I am sorry about not updating, I was going to post a couple of pictures tonight. My daughters schooI had Missions night, so it was on the late side when we got home. I promise on a case of ice cold Mountain Dew soda  (my source of caffiene in the morning) there will be pictures tomorrow night.

The babies are doing great! Sweetie is being a very good momma and even the smaller ones are getting plump. She is putting plenty of fur in the nesting box, the babies ears are starting to stand up and look like bunny ears. Momma checks on her babies whenever we check on them to make sure we put them back properly. Hopefully Sunday they will have their eyes open.

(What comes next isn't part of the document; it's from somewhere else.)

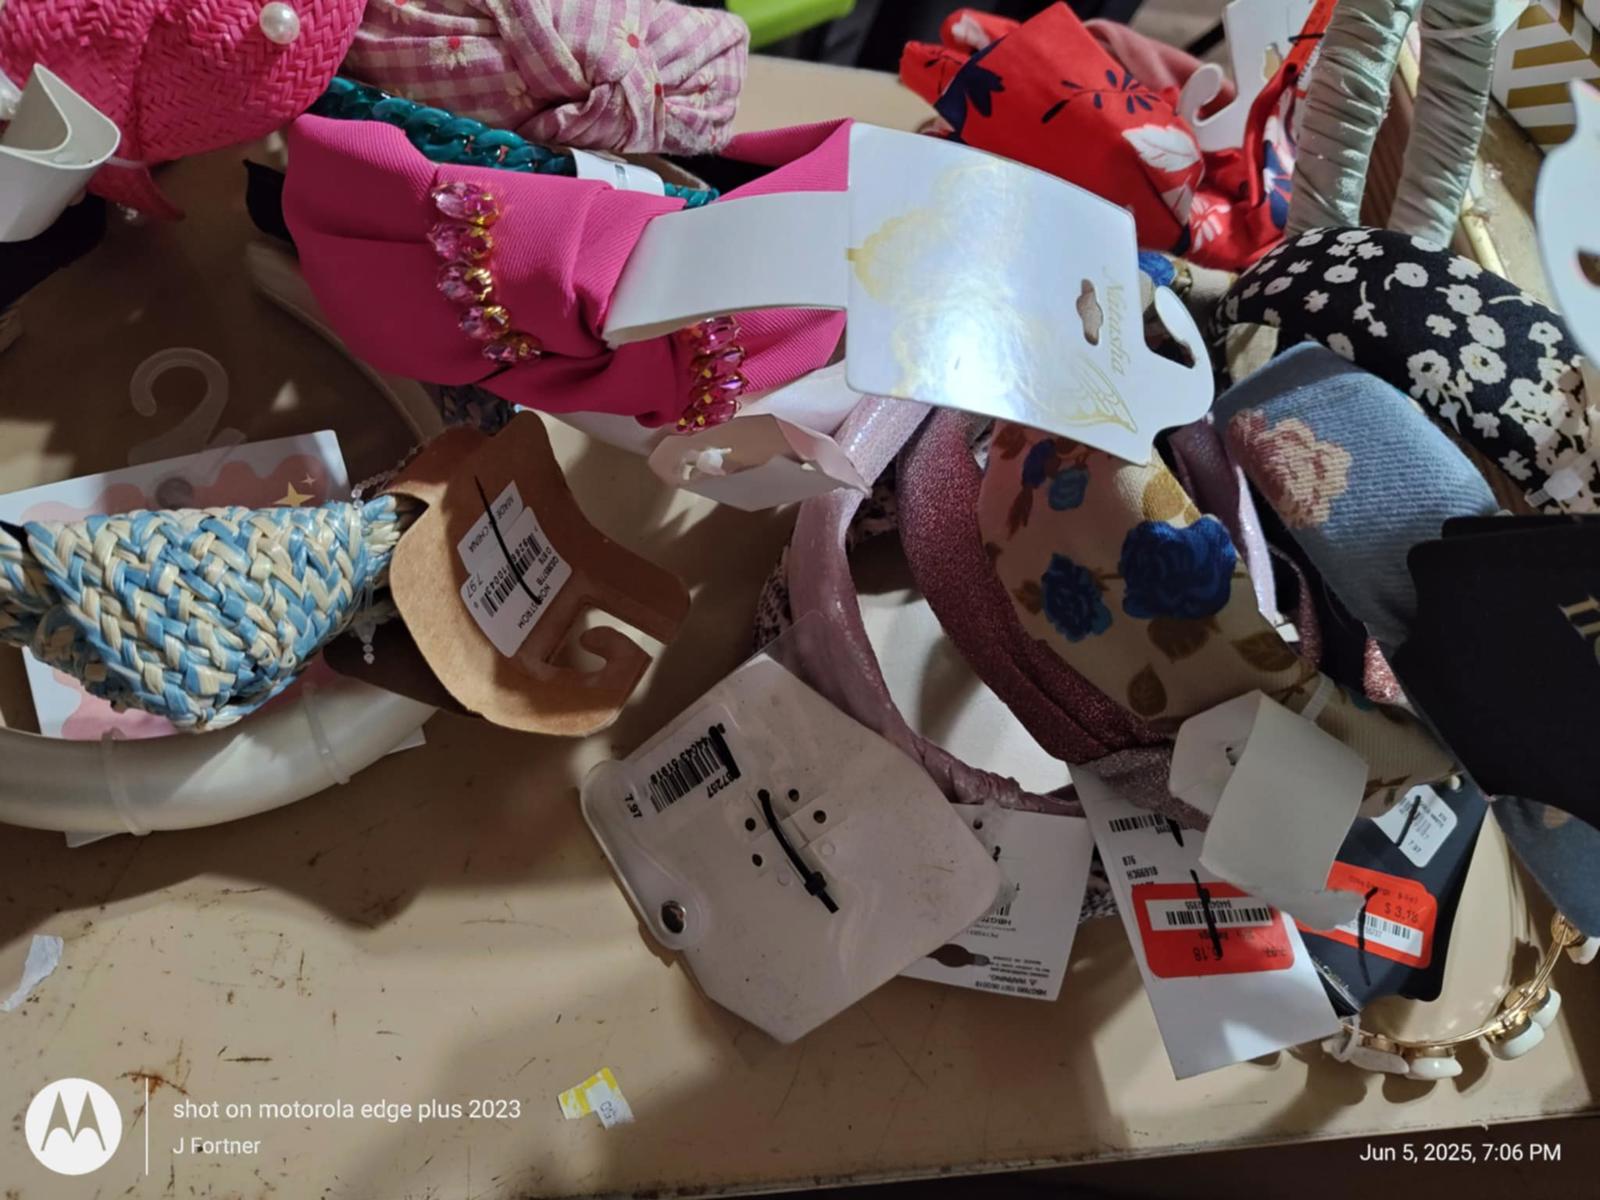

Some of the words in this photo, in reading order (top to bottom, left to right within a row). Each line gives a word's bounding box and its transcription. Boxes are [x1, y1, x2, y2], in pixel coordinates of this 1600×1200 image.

[468, 526, 489, 553] CHINA
[466, 572, 483, 599] 7.97
[518, 584, 551, 629] NORSTROM

I finally was able to get some information from the breeder about what happened. She had Sweetie out for exercise and a buck managed to get out of his and the two of them hooked up. She said she broke it up right away, well evidently not soon enough. About a week went by and she saw no indications of a pregnancy, so she sold Sweetie to us.

So look for some pictures Thursday night or Friday morning depending on where you live.


----------



## Bo B Bunny (Oct 11, 2007)

Mt. Dew seems to be a big favorite of the men in Indiana LOL! I prefer Diet Coke.... don't touch my diet coke! :shameI hate the dew.... 

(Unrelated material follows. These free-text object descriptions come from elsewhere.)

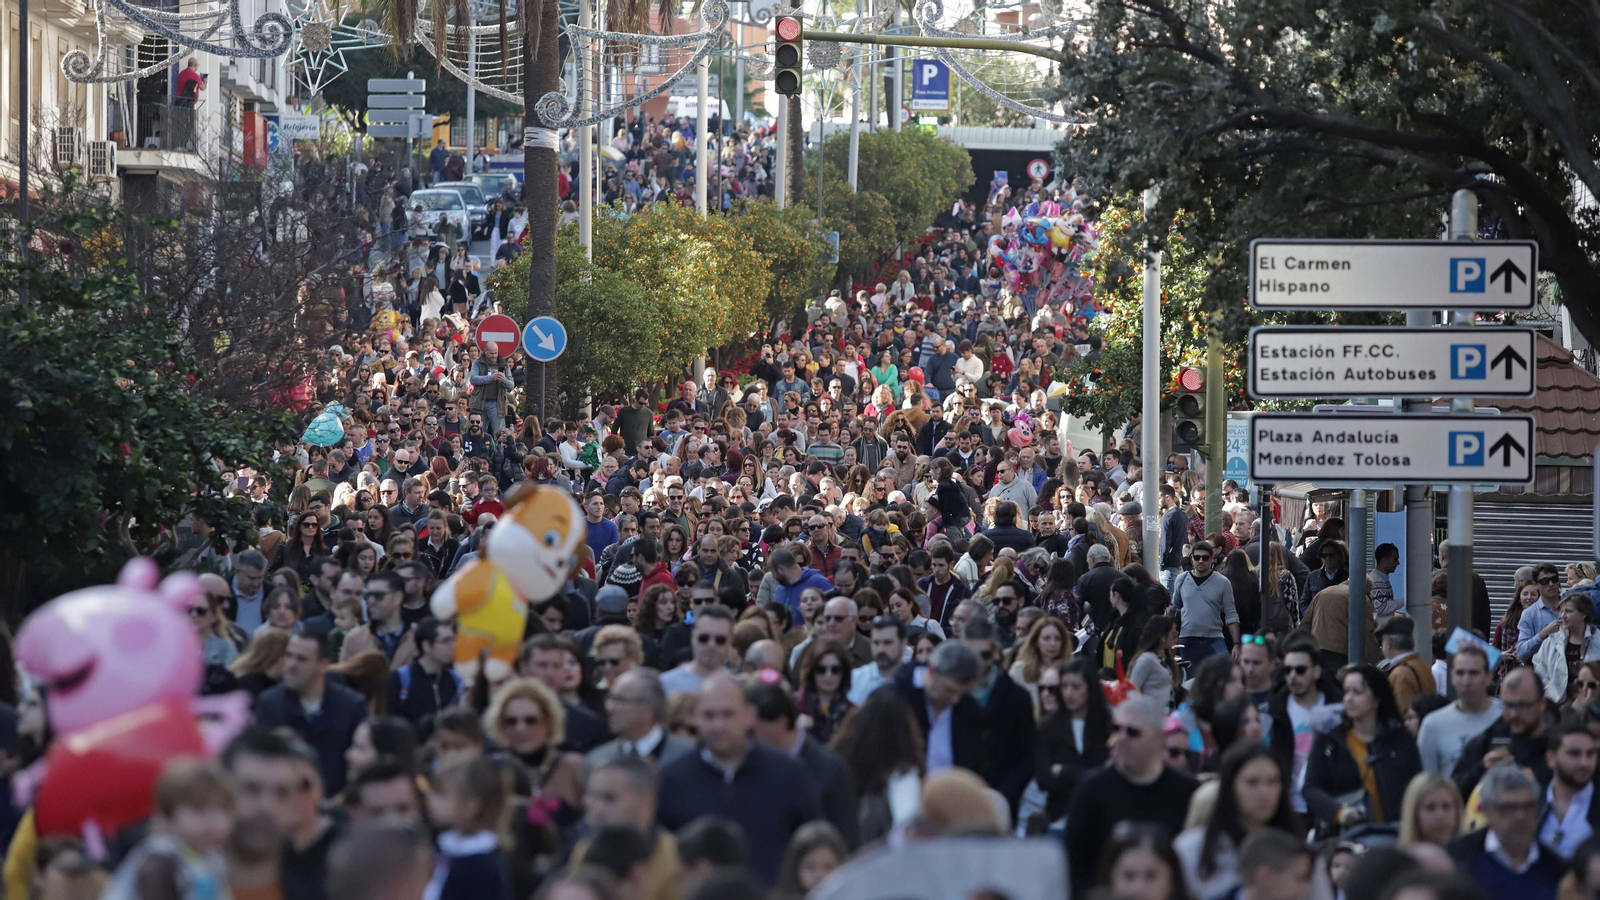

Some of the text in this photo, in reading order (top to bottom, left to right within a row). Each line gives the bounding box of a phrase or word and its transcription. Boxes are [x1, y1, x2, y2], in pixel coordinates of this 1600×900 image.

[922, 64, 938, 86] P
[1260, 256, 1351, 270] El Carmen
[1457, 261, 1481, 291] P
[1260, 279, 1330, 295] Hispano
[1260, 345, 1400, 358] Estación FF.CC.
[1457, 347, 1482, 377] P
[1260, 367, 1437, 381] Estación Autobuses
[1258, 430, 1399, 443] Plaza Andalucía
[464, 441, 473, 453] 5
[1455, 434, 1480, 464] P
[1258, 451, 1411, 466] Menéndez Tolosa

I love that Sweetie is checking her babies as if to count them all being there! She sounds like a lovely mom!

Now is she registered and is he? the buck who took advantage of her.


----------



## Wabbitdad12 (Oct 11, 2007)

When I was in the Air Force, I always knew the Brits were great allies but when they installed a Pepsi machine outside the bunker I worked in with Mountain Dew, the U.K. became home!

I will have to ask the breeder if she or the buck is registered with ARBA. She has a ear tag number, but I think its in the wrong ear.

Well as promised here are some pictures of the babies. They wouldn't stay still kept trying to hop! :biggrin2: I would no sooner get one lined up and the little stinkers would move. Momma wasn't to thrilled about the photo shoot either.

More photo's this weekend, hopefully they will have their eyes open and stay still a little longer.


----------



## Bo B Bunny (Oct 11, 2007)

I am so jealous! Those babies are beautiful! I would be kissing and loving them all the time!


----------



## maherwoman (Oct 11, 2007)

Aww...those little cuties just made my day!!!


----------



## tundrakatiebean (Oct 12, 2007)

They are soooo cute! :hyper:


----------



## Wabbitdad12 (Oct 14, 2007)

One of the babies has opened his/her eyes today!:woohoo Hopefully the rest of them will be opening theirs soon. I found one outside the nesting box this morning. Their ears are looking more like bunny ears. They are getting big too!:bunny18


----------



## polly (Oct 14, 2007)

So cute look how big its ears are already :inlove: now the mischief really starts


----------



## Spring (Oct 14, 2007)

Oh they are precious! What could be more adorable than black flemish babies!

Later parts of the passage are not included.